## ACTION ITEM
Starting from the line that holds "this 1920×1440 image.", print every line through the end of the records, first and last included.

## GIVEN DATA
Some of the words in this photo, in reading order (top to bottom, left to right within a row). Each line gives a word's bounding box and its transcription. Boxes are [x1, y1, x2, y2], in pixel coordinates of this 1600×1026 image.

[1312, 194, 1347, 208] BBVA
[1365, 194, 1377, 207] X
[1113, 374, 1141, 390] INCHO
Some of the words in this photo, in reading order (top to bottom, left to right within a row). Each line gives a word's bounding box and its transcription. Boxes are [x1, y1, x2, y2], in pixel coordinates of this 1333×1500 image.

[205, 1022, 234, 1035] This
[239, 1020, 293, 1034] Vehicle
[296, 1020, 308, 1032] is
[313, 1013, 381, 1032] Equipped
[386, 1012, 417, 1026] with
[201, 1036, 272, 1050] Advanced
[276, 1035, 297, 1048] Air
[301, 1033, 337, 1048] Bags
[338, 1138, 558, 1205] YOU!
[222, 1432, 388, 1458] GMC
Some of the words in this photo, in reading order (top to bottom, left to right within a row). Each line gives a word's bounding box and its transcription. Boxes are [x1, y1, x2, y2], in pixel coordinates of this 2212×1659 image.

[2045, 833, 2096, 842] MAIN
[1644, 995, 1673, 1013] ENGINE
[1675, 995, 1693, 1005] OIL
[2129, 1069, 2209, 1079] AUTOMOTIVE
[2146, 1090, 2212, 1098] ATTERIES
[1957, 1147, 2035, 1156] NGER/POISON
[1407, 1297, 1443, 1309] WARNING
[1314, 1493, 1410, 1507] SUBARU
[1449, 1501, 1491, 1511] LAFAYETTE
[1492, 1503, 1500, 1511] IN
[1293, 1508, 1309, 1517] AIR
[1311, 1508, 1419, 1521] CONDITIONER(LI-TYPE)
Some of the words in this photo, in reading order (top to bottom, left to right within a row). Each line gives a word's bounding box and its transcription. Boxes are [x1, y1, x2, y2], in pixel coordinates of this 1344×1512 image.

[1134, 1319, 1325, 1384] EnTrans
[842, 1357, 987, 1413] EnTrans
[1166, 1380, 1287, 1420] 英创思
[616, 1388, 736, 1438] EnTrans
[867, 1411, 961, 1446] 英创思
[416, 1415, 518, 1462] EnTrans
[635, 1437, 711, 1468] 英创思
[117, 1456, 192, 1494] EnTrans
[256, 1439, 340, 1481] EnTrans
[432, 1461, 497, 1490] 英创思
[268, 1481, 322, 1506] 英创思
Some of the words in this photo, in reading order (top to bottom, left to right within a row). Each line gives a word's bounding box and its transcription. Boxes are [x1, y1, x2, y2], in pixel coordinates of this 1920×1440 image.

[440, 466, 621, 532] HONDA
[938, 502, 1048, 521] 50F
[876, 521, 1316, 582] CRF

## SOLUTION FOR THIS TASK
Some of the words in this photo, in reading order (top to bottom, left to right within a row). Each line gives a word's bounding box and its transcription. Boxes are [x1, y1, x2, y2], in pixel coordinates of this 1920×1440 image.

[440, 466, 621, 532] HONDA
[938, 502, 1048, 521] 50F
[876, 521, 1316, 582] CRF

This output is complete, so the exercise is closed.